▶ [YOUR OBJECTIVE] Each record below should be reproduced as it is written, with pictures left out entirely.

▶ [MATERIAL PROVIDED]
=-=-=

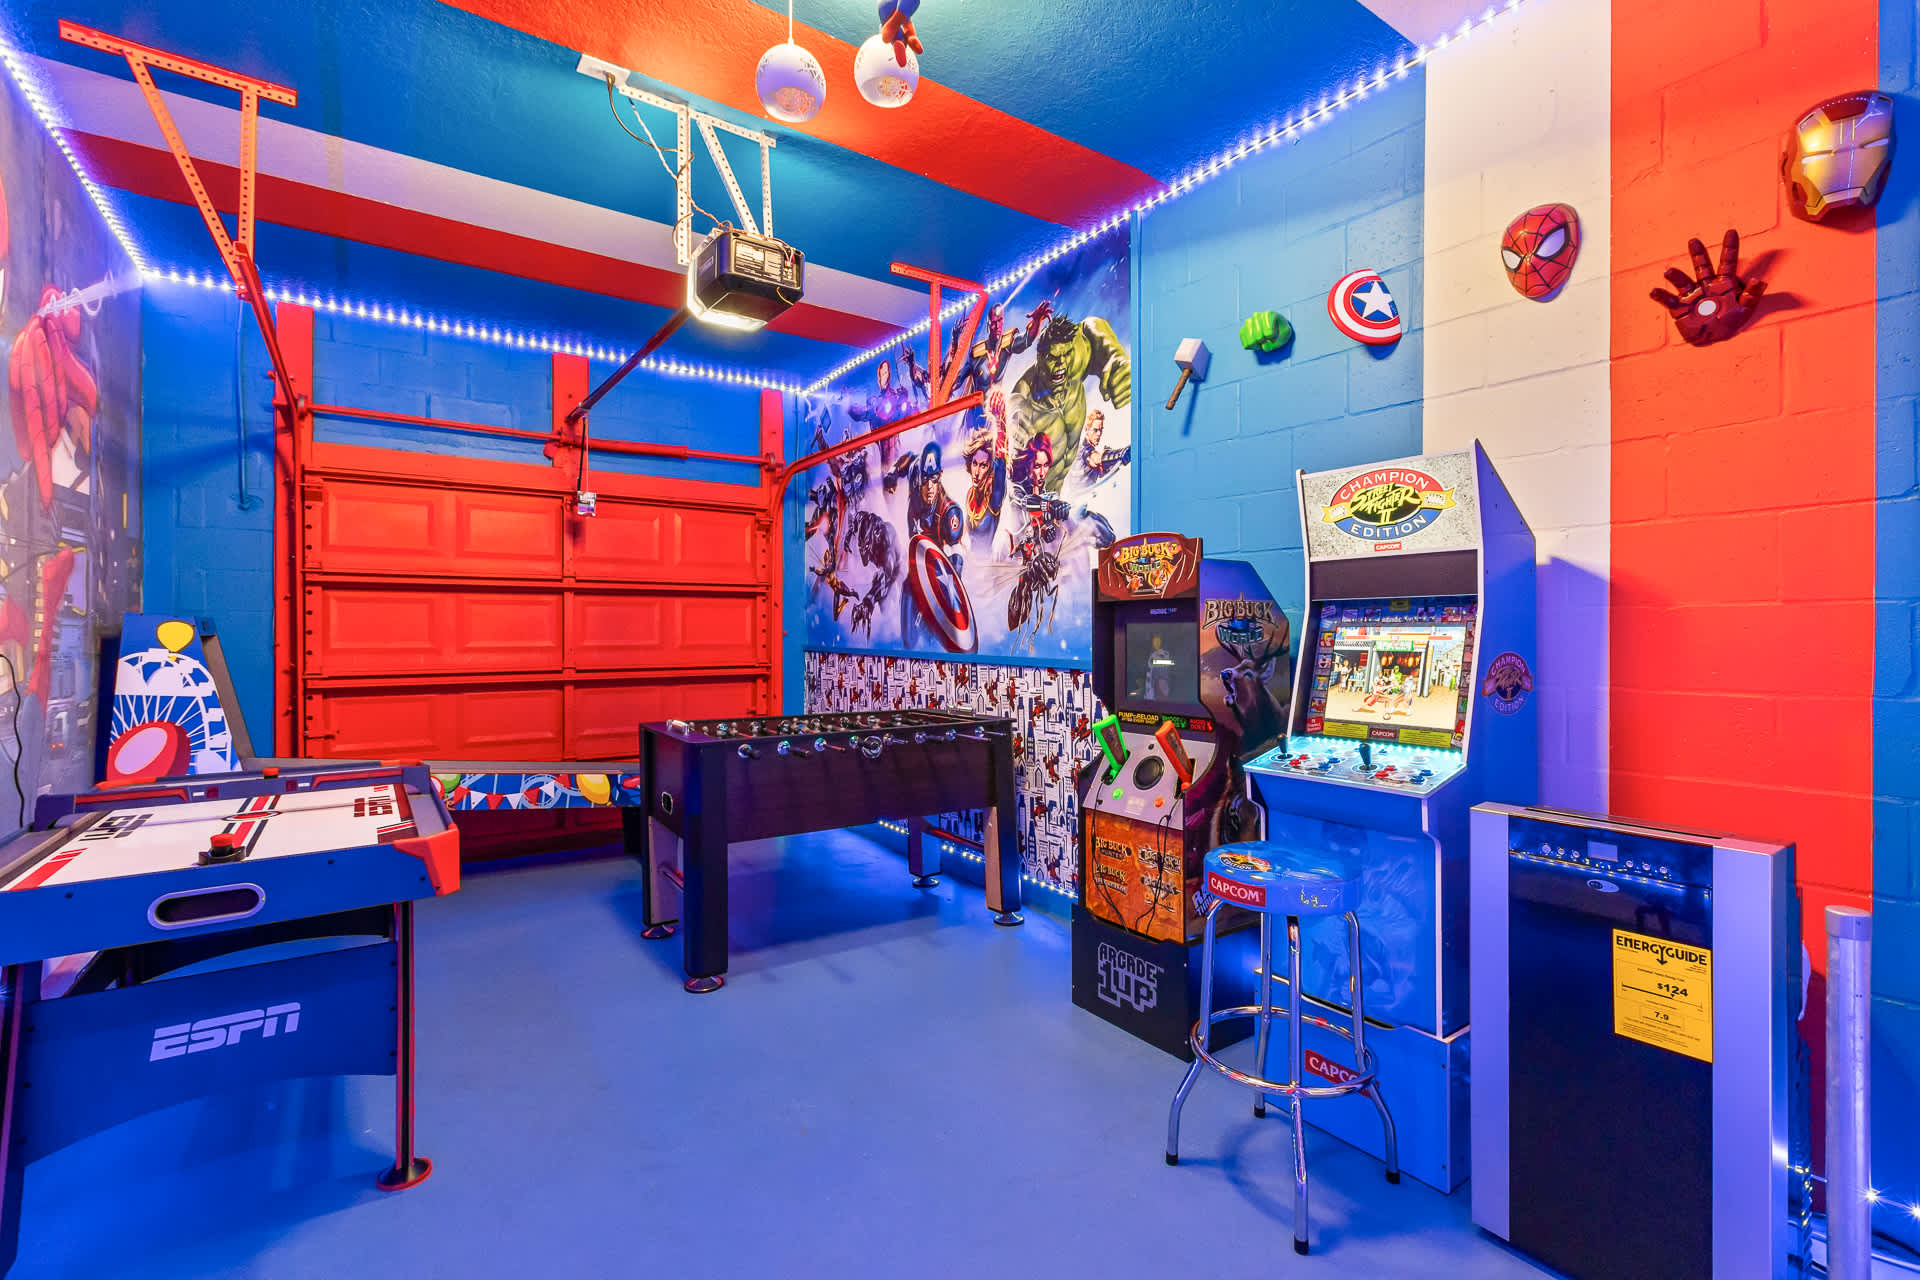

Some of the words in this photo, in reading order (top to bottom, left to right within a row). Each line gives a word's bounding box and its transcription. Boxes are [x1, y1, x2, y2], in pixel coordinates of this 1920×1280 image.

[1340, 471, 1429, 500] CHAMPION
[1350, 515, 1427, 538] EDITION
[1376, 507, 1397, 526] II
[1121, 546, 1140, 562] BIG
[1140, 541, 1171, 557] BUCK
[1204, 599, 1234, 623] BIG
[1236, 600, 1274, 621] BUCK
[1219, 627, 1264, 643] WORLD
[1491, 655, 1526, 676] CHAMPION
[1494, 697, 1524, 712] EDITION
[1211, 877, 1260, 903] CAPCOM
[1616, 935, 1708, 966] ENERGYGUIDE
[1657, 982, 1689, 998] $124
[1654, 1010, 1670, 1021] 7.9
[149, 1001, 301, 1063] ESPN
[1308, 1055, 1360, 1084] CAPCO
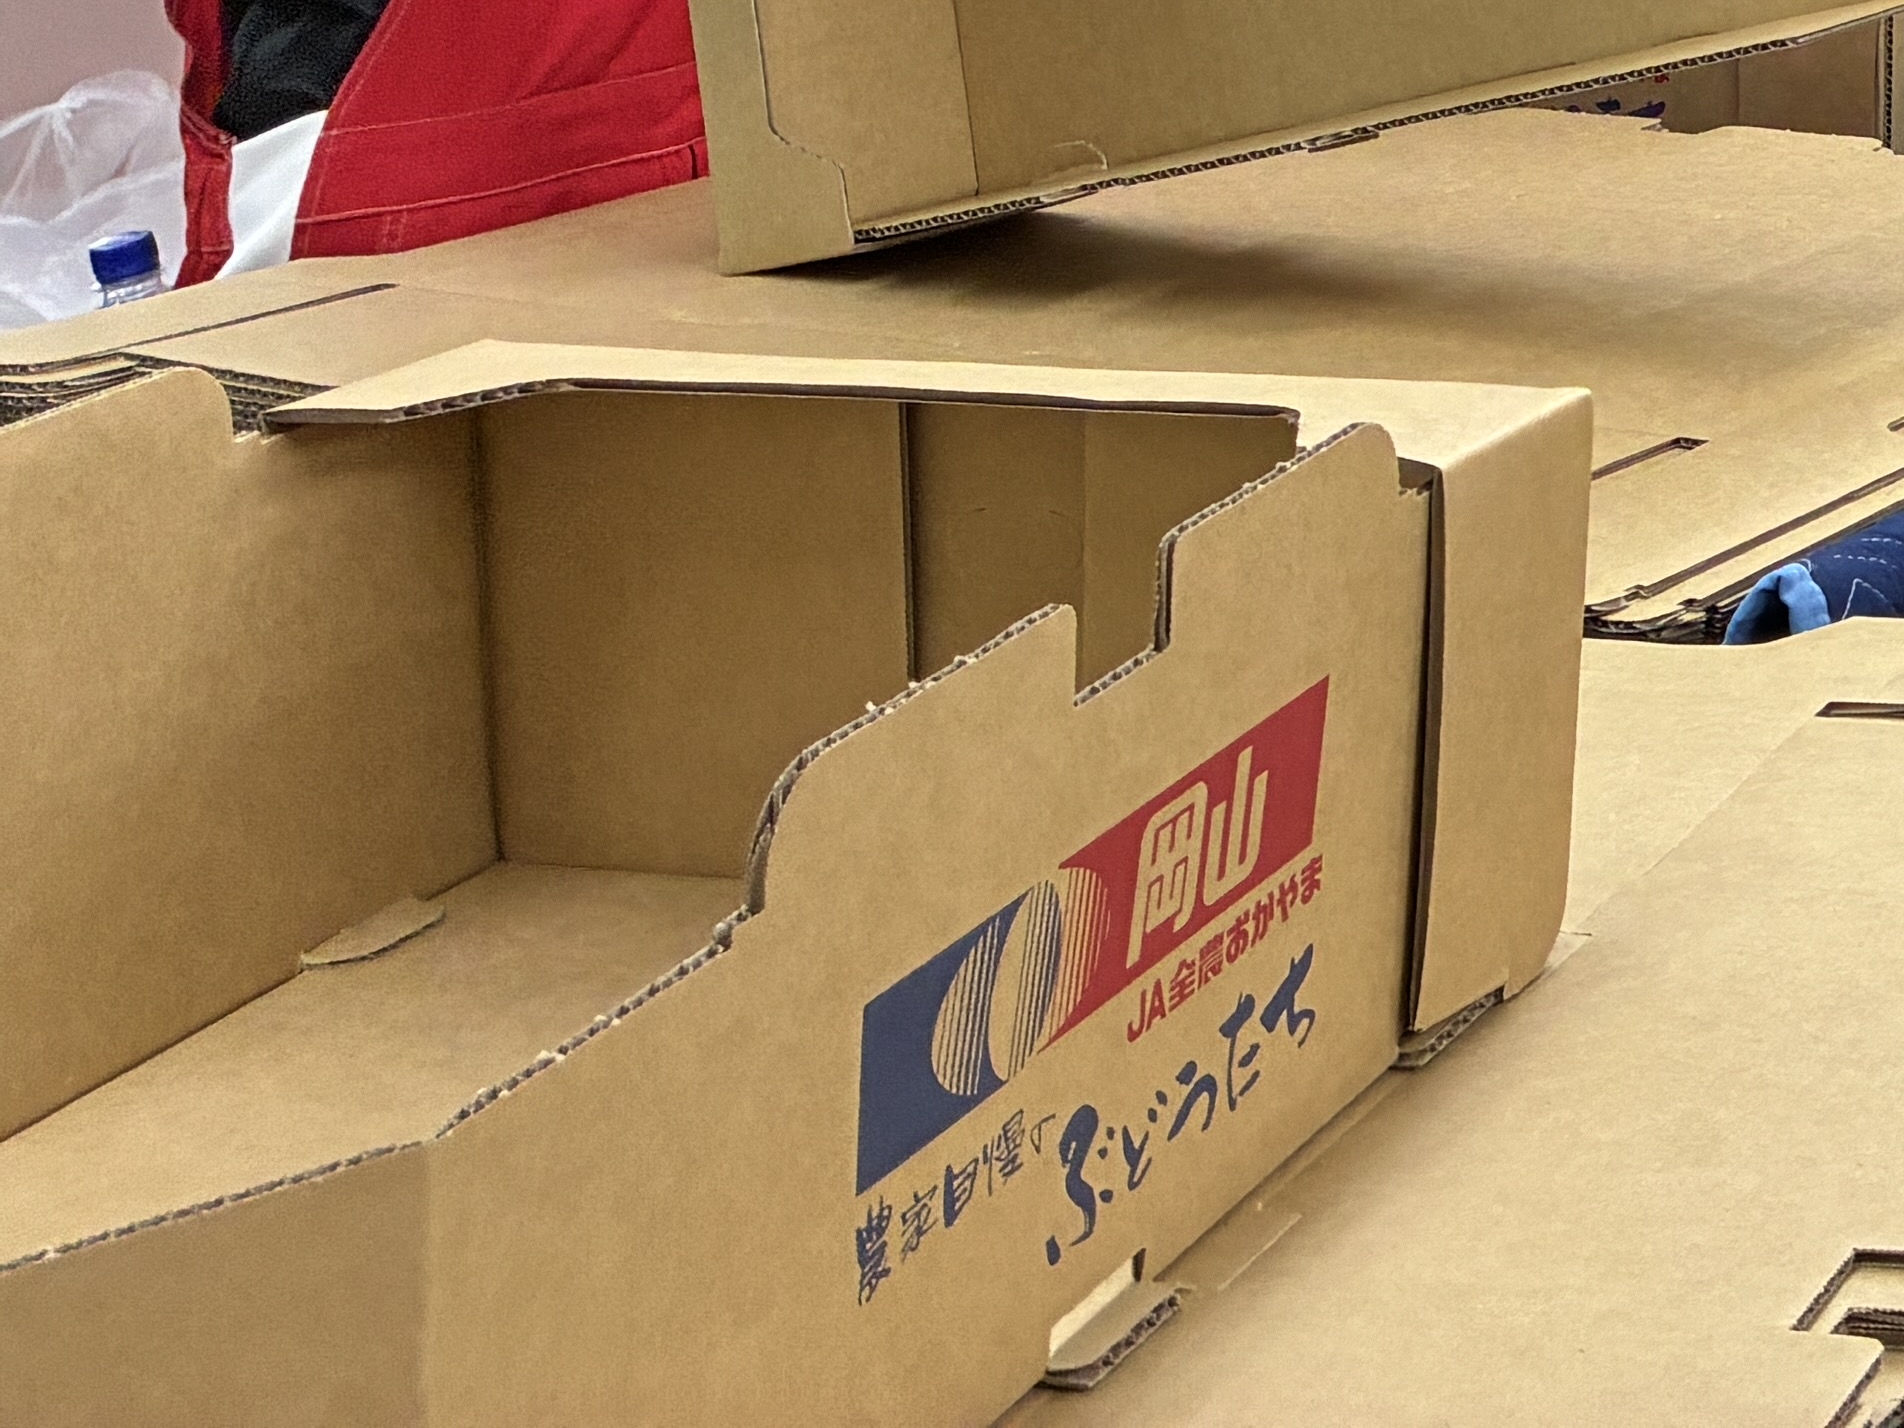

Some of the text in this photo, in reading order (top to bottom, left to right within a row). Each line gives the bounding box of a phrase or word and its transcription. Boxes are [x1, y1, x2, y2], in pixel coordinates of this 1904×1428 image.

[1126, 744, 1269, 970] 岡山
[1126, 852, 1323, 1044] JA全農おかやま
[855, 1108, 1056, 1307] 農家自慢の
[1046, 943, 1318, 1267] ぶどうたち
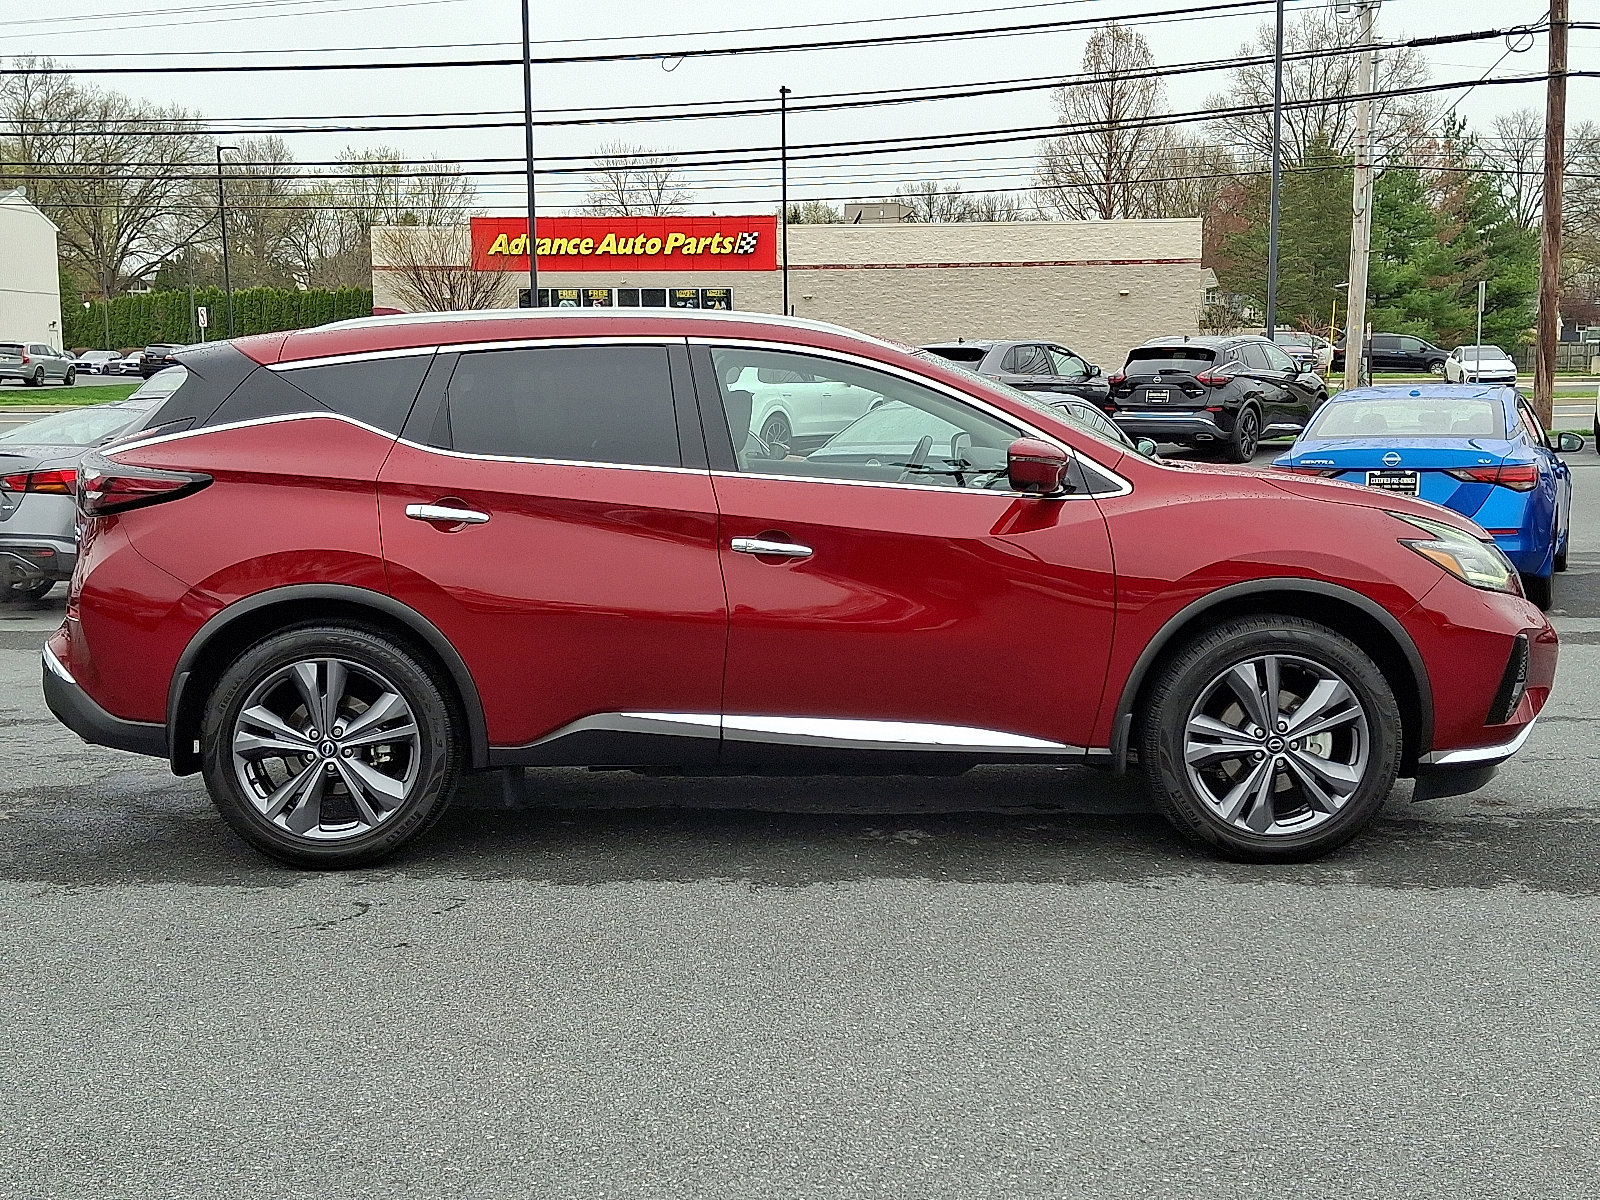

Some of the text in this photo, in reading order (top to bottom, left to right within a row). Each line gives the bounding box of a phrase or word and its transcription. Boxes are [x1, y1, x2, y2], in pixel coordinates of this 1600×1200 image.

=-=-=

▶ [RESULT FOR THIS EXERCISE]
Some of the words in this photo, in reading order (top to bottom, left to right within a row). Each line gives a word's bounding box and its transcription. Boxes are [x1, y1, x2, y2], in pixel coordinates of this 1920×1280 image.

[1340, 471, 1429, 500] CHAMPION
[1350, 515, 1427, 538] EDITION
[1376, 507, 1397, 526] II
[1121, 546, 1140, 562] BIG
[1140, 541, 1171, 557] BUCK
[1204, 599, 1234, 623] BIG
[1236, 600, 1274, 621] BUCK
[1219, 627, 1264, 643] WORLD
[1491, 655, 1526, 676] CHAMPION
[1494, 697, 1524, 712] EDITION
[1211, 877, 1260, 903] CAPCOM
[1616, 935, 1708, 966] ENERGYGUIDE
[1657, 982, 1689, 998] $124
[1654, 1010, 1670, 1021] 7.9
[149, 1001, 301, 1063] ESPN
[1308, 1055, 1360, 1084] CAPCO

Some of the text in this photo, in reading order (top to bottom, left to right within a row). Each line gives the bounding box of a phrase or word and its transcription. Boxes are [x1, y1, x2, y2], in pixel coordinates of this 1904×1428 image.

[1126, 744, 1269, 970] 岡山
[1126, 852, 1323, 1044] JA全農おかやま
[855, 1108, 1056, 1307] 農家自慢の
[1046, 943, 1318, 1267] ぶどうたち

Some of the text in this photo, in reading order (top to bottom, left to right within a row). Each line gives the bounding box of a phrase or word and its transcription. Boxes are [x1, y1, x2, y2], in pixel coordinates of this 1600×1200 image.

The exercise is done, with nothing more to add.